**Exercise directions**:
Write out the data exactly, please, and omit the pictures.

**Recorded data**:

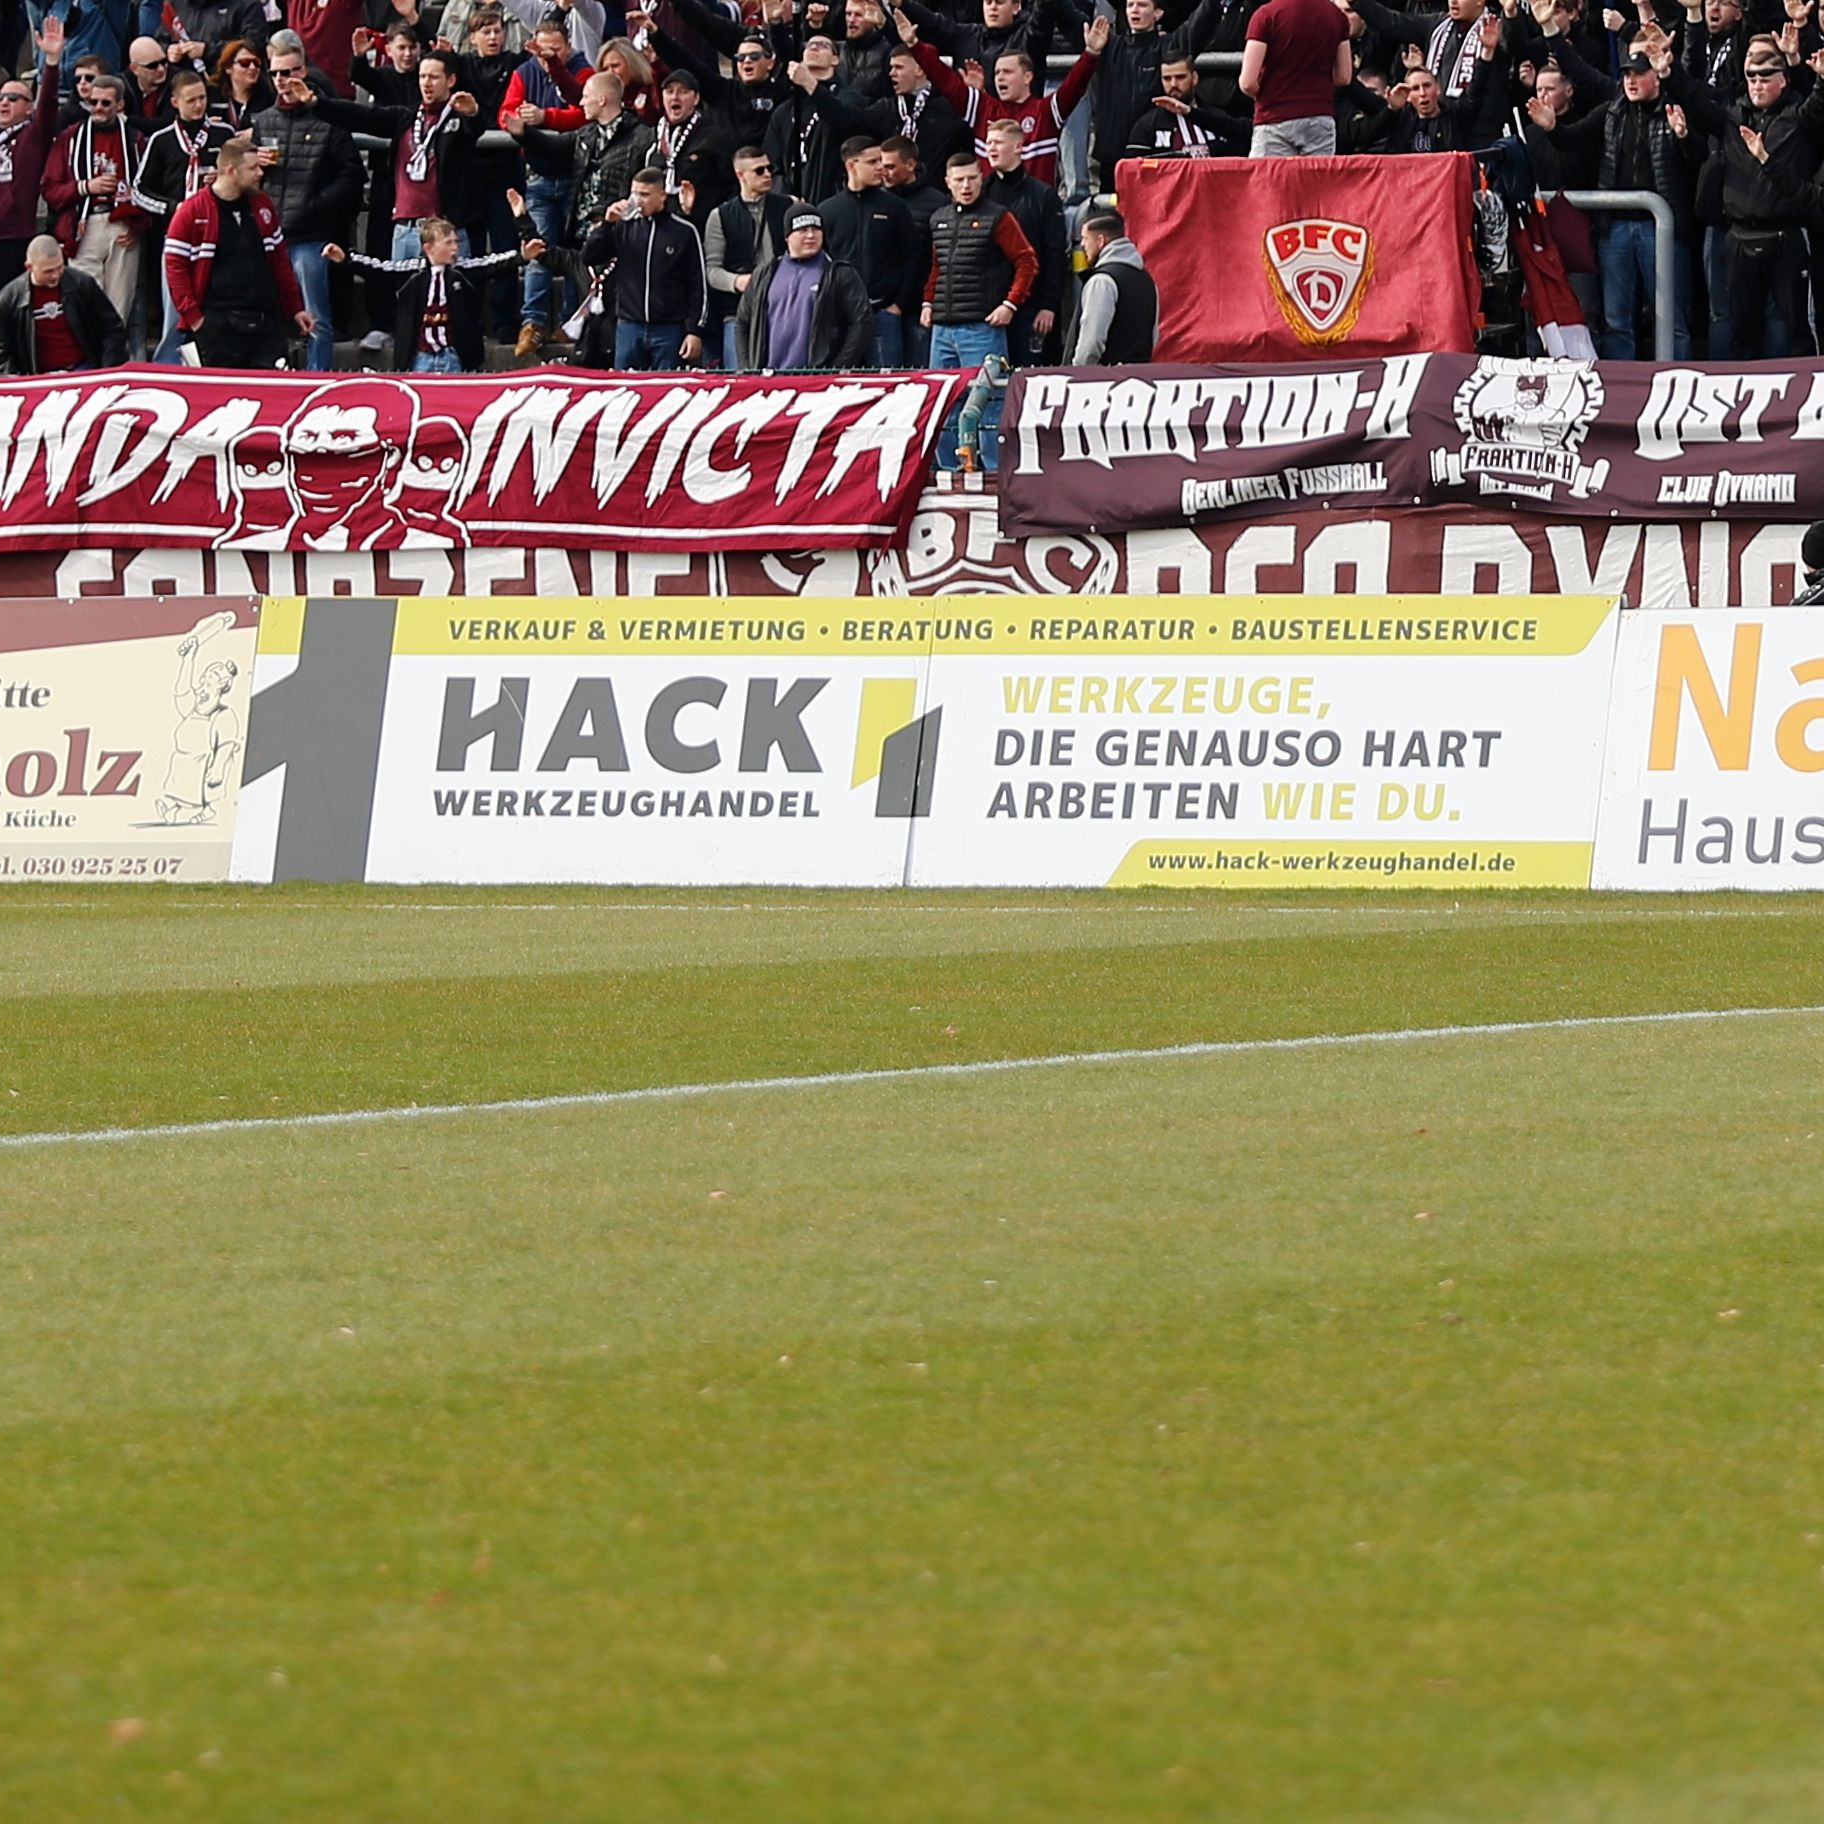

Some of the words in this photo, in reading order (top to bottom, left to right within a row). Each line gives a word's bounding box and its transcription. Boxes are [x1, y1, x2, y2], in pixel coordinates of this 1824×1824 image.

[1272, 225, 1363, 261] BFC
[1013, 351, 1434, 476] FRAKTION-H
[1634, 369, 1795, 462] OST
[456, 383, 929, 511] INVICTA
[1181, 469, 1284, 516] BERLINER
[1284, 461, 1389, 499] FUSSBALL
[1657, 474, 1712, 503] CLUB
[1712, 468, 1797, 507] DYNAMO
[448, 619, 578, 642] VERKAUF
[587, 619, 607, 641] &
[619, 619, 807, 642] VERMIETUNG
[842, 619, 994, 642] BERATUNG
[1029, 619, 1196, 642] REPARATUR
[1231, 619, 1538, 642] BAUSTELLENSERVICE
[1001, 675, 1333, 721] WERKZEUGE,
[436, 676, 832, 773] HACK
[993, 729, 1076, 767] DIE
[1095, 728, 1342, 768] GENAUSO
[1362, 730, 1502, 768] HART
[3, 808, 77, 830] Küche
[433, 789, 821, 818] WERKZEUGHANDEL
[986, 782, 1239, 819] ARBEITEN
[1261, 782, 1355, 819] WIE
[1377, 783, 1462, 821] DU.
[21, 856, 66, 877] 030
[70, 856, 115, 877] 925
[118, 856, 148, 877] 25
[151, 856, 183, 877] 07
[1147, 851, 1516, 875] www.hack-werkzeughandel.de
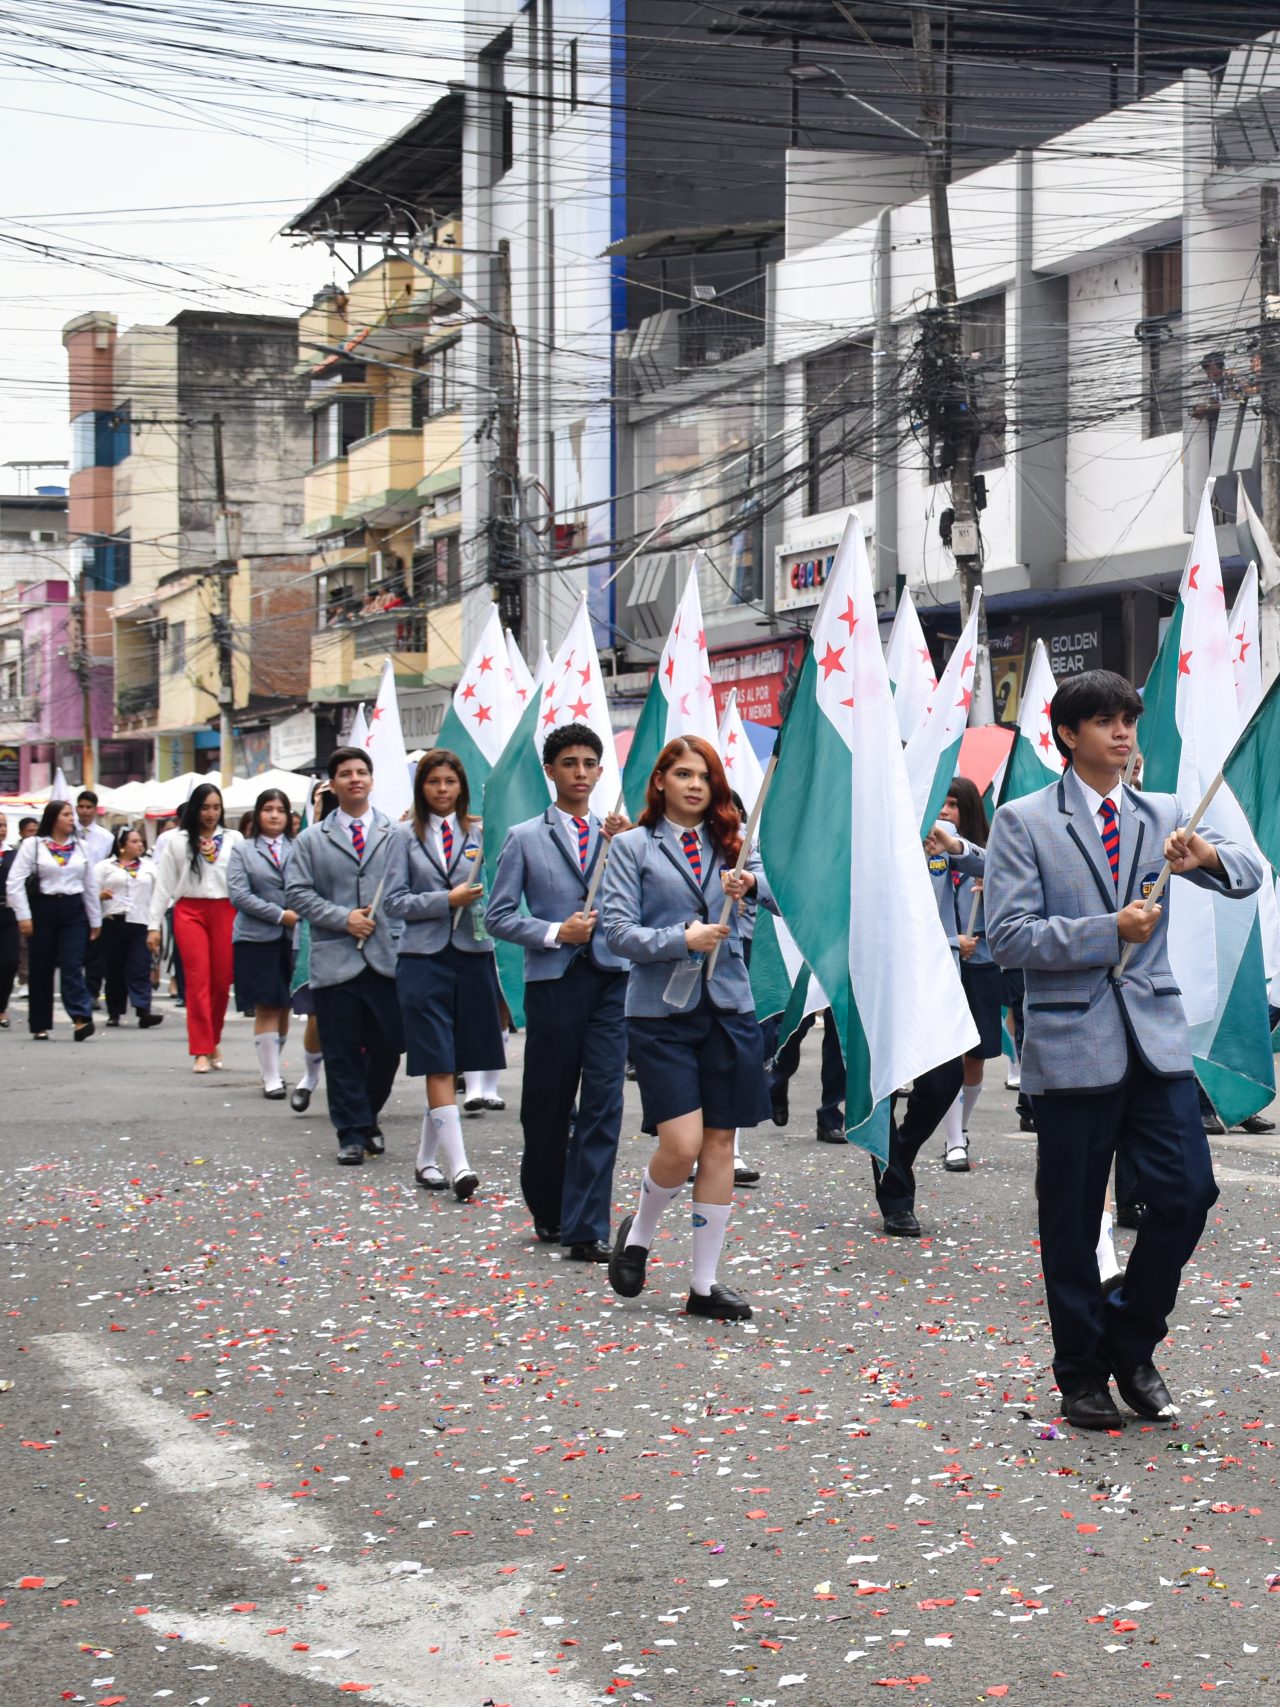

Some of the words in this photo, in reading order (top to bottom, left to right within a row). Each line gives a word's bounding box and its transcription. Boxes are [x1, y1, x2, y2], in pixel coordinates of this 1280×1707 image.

[791, 559, 824, 590] COOL
[1051, 631, 1097, 653] GOLDEN
[740, 648, 781, 680] MILAGRO
[1051, 654, 1084, 673] BEAR
[747, 687, 755, 702] AL
[756, 685, 769, 701] POR
[749, 703, 772, 720] MENOR
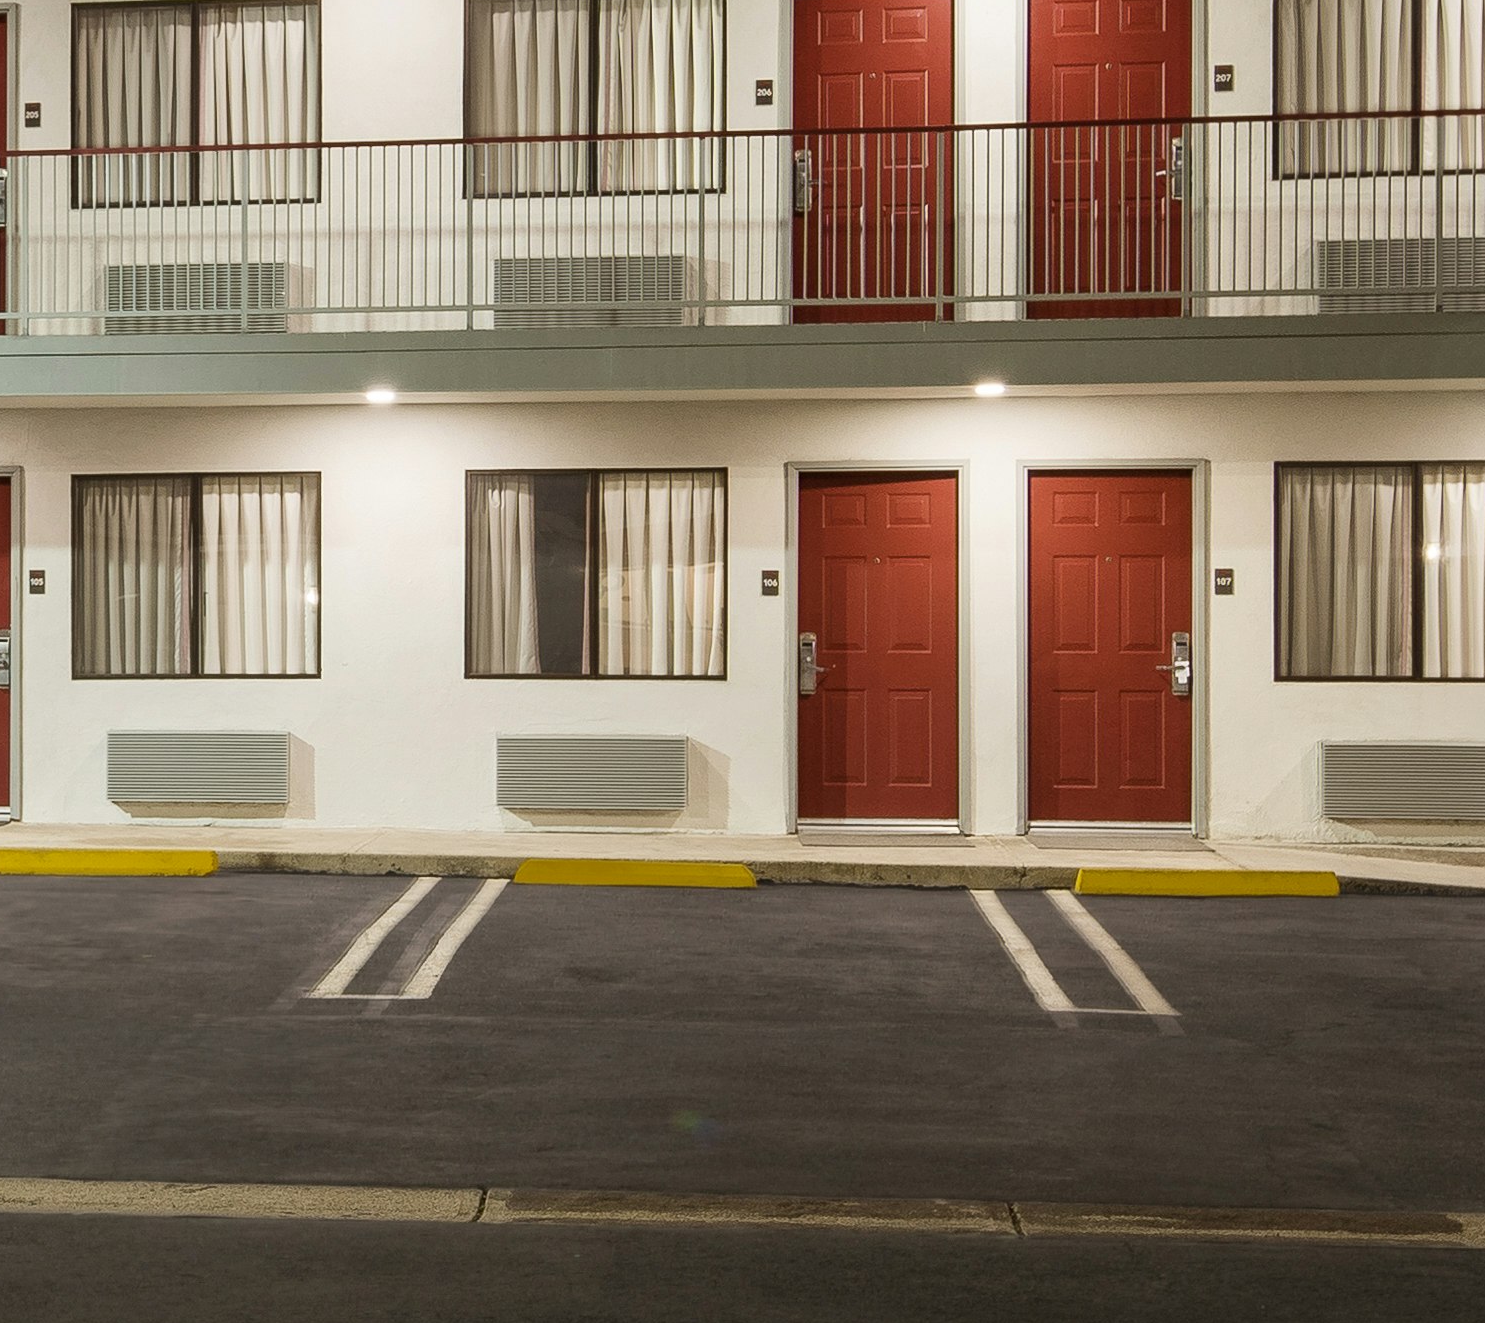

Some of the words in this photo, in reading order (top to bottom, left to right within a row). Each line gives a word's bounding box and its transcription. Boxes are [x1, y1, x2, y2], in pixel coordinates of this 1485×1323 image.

[1215, 73, 1232, 82] 207
[756, 88, 772, 97] 206
[25, 110, 39, 119] 205
[30, 577, 44, 586] 105
[763, 579, 778, 587] 106
[1216, 578, 1232, 586] 107

**Answer for the task**:
Some of the words in this photo, in reading order (top to bottom, left to right within a row). Each line gives a word's bounding box and its transcription. Boxes are [x1, y1, x2, y2], in pixel coordinates of this 1824×1824 image.

[1272, 225, 1363, 261] BFC
[1013, 351, 1434, 476] FRAKTION-H
[1634, 369, 1795, 462] OST
[456, 383, 929, 511] INVICTA
[1181, 469, 1284, 516] BERLINER
[1284, 461, 1389, 499] FUSSBALL
[1657, 474, 1712, 503] CLUB
[1712, 468, 1797, 507] DYNAMO
[448, 619, 578, 642] VERKAUF
[587, 619, 607, 641] &
[619, 619, 807, 642] VERMIETUNG
[842, 619, 994, 642] BERATUNG
[1029, 619, 1196, 642] REPARATUR
[1231, 619, 1538, 642] BAUSTELLENSERVICE
[1001, 675, 1333, 721] WERKZEUGE,
[436, 676, 832, 773] HACK
[993, 729, 1076, 767] DIE
[1095, 728, 1342, 768] GENAUSO
[1362, 730, 1502, 768] HART
[3, 808, 77, 830] Küche
[433, 789, 821, 818] WERKZEUGHANDEL
[986, 782, 1239, 819] ARBEITEN
[1261, 782, 1355, 819] WIE
[1377, 783, 1462, 821] DU.
[21, 856, 66, 877] 030
[70, 856, 115, 877] 925
[118, 856, 148, 877] 25
[151, 856, 183, 877] 07
[1147, 851, 1516, 875] www.hack-werkzeughandel.de

Some of the words in this photo, in reading order (top to bottom, left to right within a row). Each line gives a word's bounding box and its transcription. Boxes are [x1, y1, x2, y2], in pixel coordinates of this 1280×1707 image.

[791, 559, 824, 590] COOL
[1051, 631, 1097, 653] GOLDEN
[740, 648, 781, 680] MILAGRO
[1051, 654, 1084, 673] BEAR
[747, 687, 755, 702] AL
[756, 685, 769, 701] POR
[749, 703, 772, 720] MENOR

Some of the words in this photo, in reading order (top to bottom, left to right within a row). Each line gives a word's bounding box and its transcription. Boxes are [x1, y1, x2, y2], in pixel coordinates of this 1485×1323 image.

[1215, 73, 1232, 82] 207
[756, 88, 772, 97] 206
[25, 110, 39, 119] 205
[30, 577, 44, 586] 105
[763, 579, 778, 587] 106
[1216, 578, 1232, 586] 107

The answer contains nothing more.